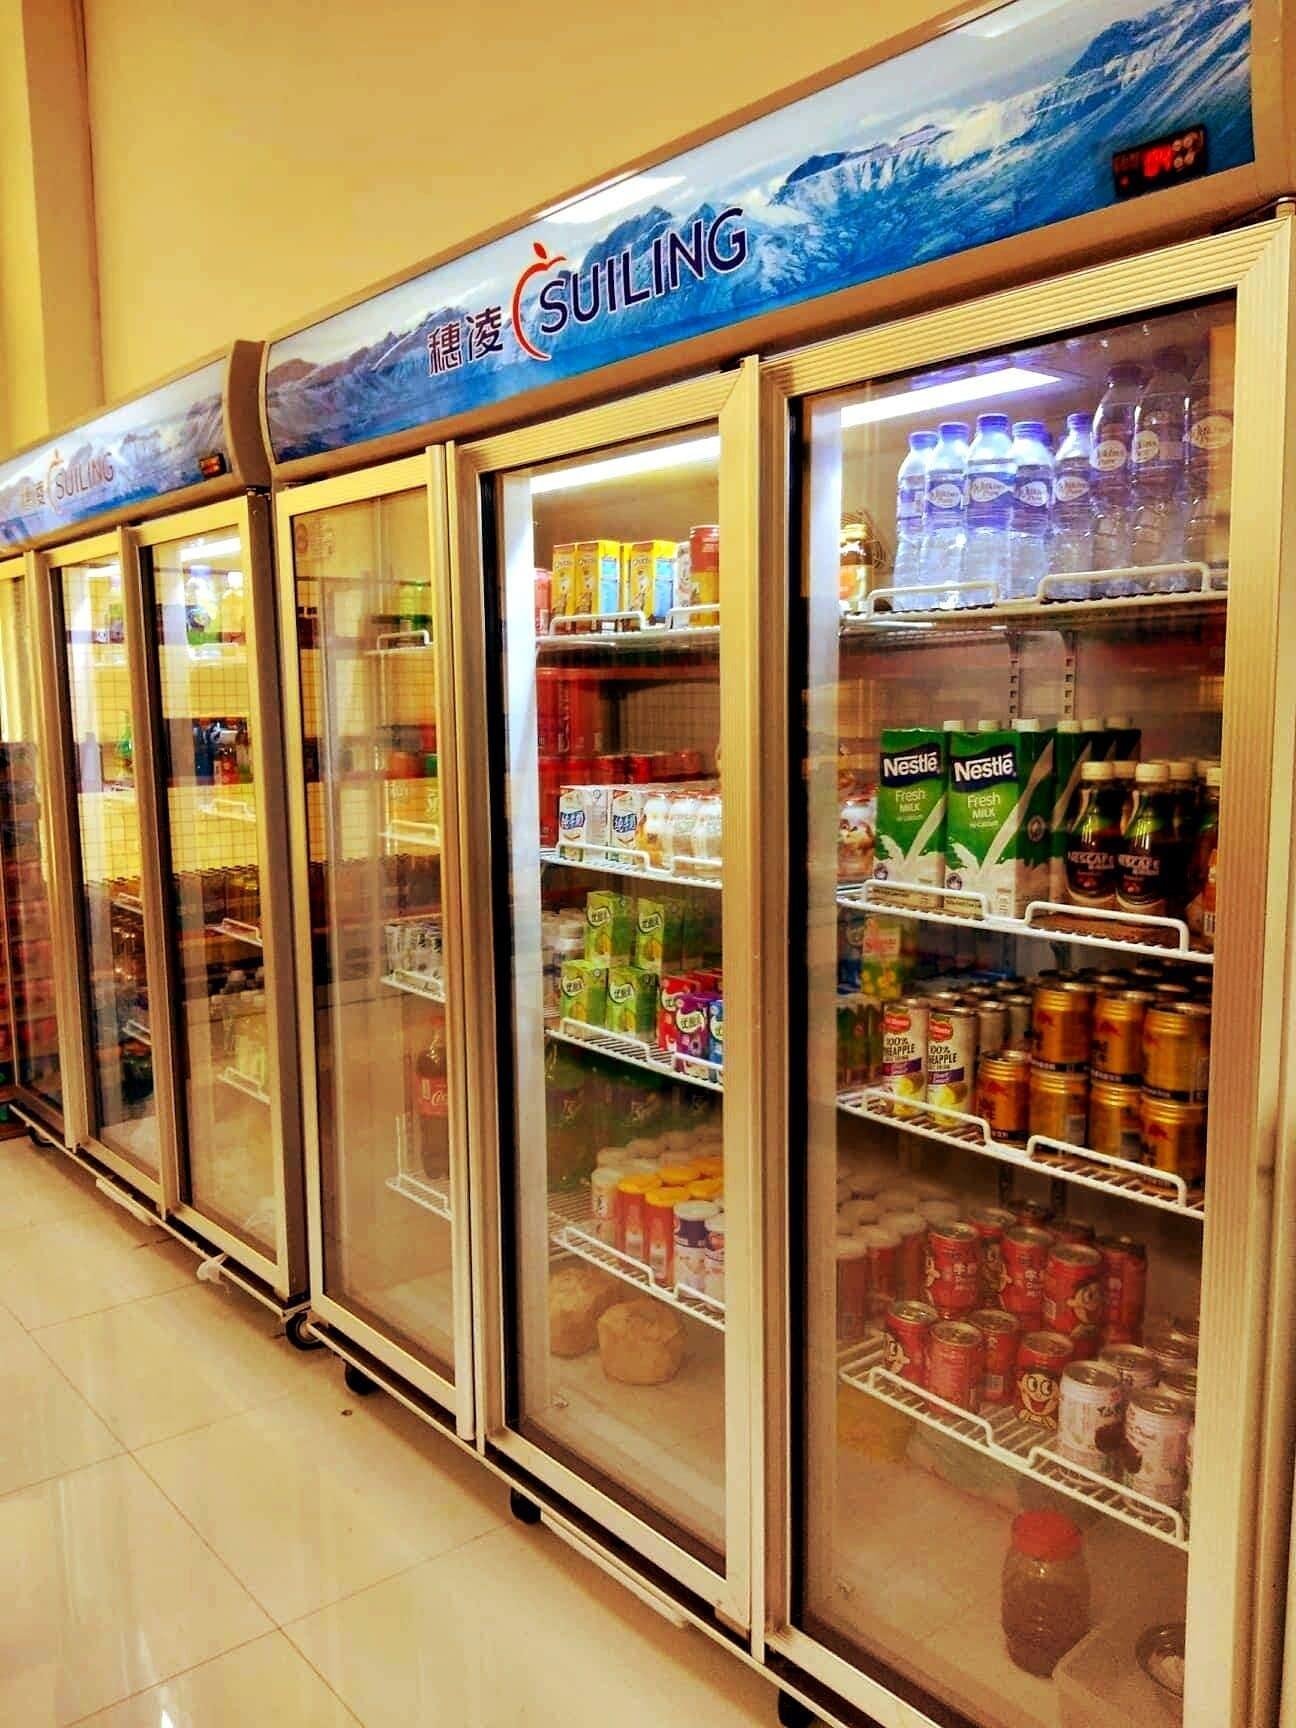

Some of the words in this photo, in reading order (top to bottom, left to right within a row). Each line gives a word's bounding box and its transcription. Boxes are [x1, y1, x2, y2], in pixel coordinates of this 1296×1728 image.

[540, 206, 747, 334] SUILING
[55, 452, 114, 499] SUILING
[884, 751, 940, 777] Nestlé
[954, 752, 1014, 782] Nestlé
[895, 788, 925, 802] Fresh
[967, 792, 1001, 808] Fresh
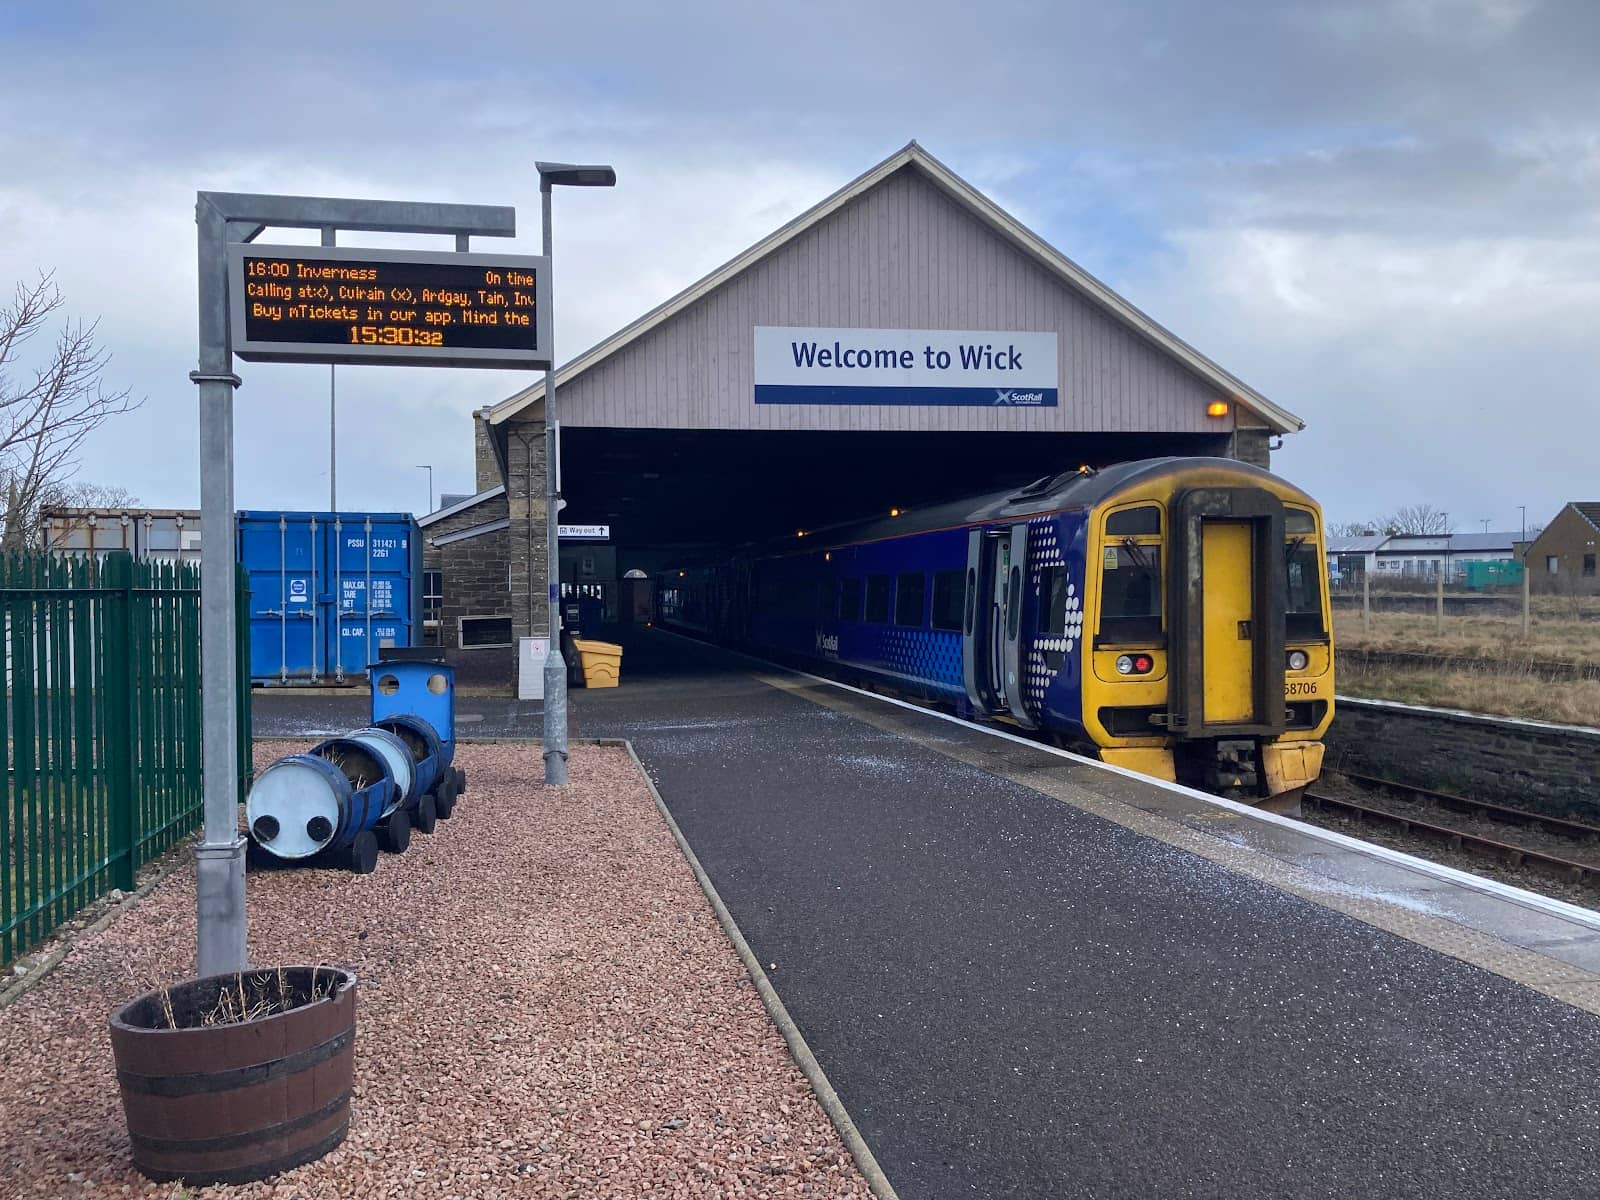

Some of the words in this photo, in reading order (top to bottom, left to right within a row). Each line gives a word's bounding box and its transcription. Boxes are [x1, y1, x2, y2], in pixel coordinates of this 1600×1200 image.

[248, 261, 289, 277] 16:00
[297, 264, 377, 280] Inverness
[486, 270, 501, 285] On
[506, 271, 534, 286] time
[247, 282, 292, 300] Calling
[339, 285, 385, 300] Culrain
[390, 287, 417, 305] (x),
[422, 288, 472, 307] Ardgay,
[478, 290, 509, 308] Tain,
[253, 303, 282, 321] Buy
[289, 304, 359, 319] mTickets
[367, 306, 383, 320] in
[390, 310, 416, 321] our
[425, 311, 456, 326] app.
[463, 309, 497, 324] Mind
[504, 311, 530, 325] the
[350, 325, 443, 346] 15:30:32
[792, 341, 914, 369] Welcome
[924, 345, 951, 370] to
[959, 344, 1023, 370] Wick
[1011, 392, 1043, 401] ScotRail
[570, 527, 583, 535] Way
[347, 539, 365, 548] PSSU
[343, 599, 354, 608] NET

#####

Exercise brief: Print nothing but the lines from the one containing "this 1600×1200 image." through the end of the listing above, exactly as written.

Answer box:
Some of the words in this photo, in reading order (top to bottom, left to right within a row). Each line gives a word's bounding box and its transcription. Boxes are [x1, y1, x2, y2], in pixel coordinates of this 1600×1200 image.

[248, 261, 289, 277] 16:00
[297, 264, 377, 280] Inverness
[486, 270, 501, 285] On
[506, 271, 534, 286] time
[247, 282, 292, 300] Calling
[339, 285, 385, 300] Culrain
[390, 287, 417, 305] (x),
[422, 288, 472, 307] Ardgay,
[478, 290, 509, 308] Tain,
[253, 303, 282, 321] Buy
[289, 304, 359, 319] mTickets
[367, 306, 383, 320] in
[390, 310, 416, 321] our
[425, 311, 456, 326] app.
[463, 309, 497, 324] Mind
[504, 311, 530, 325] the
[350, 325, 443, 346] 15:30:32
[792, 341, 914, 369] Welcome
[924, 345, 951, 370] to
[959, 344, 1023, 370] Wick
[1011, 392, 1043, 401] ScotRail
[570, 527, 583, 535] Way
[347, 539, 365, 548] PSSU
[343, 599, 354, 608] NET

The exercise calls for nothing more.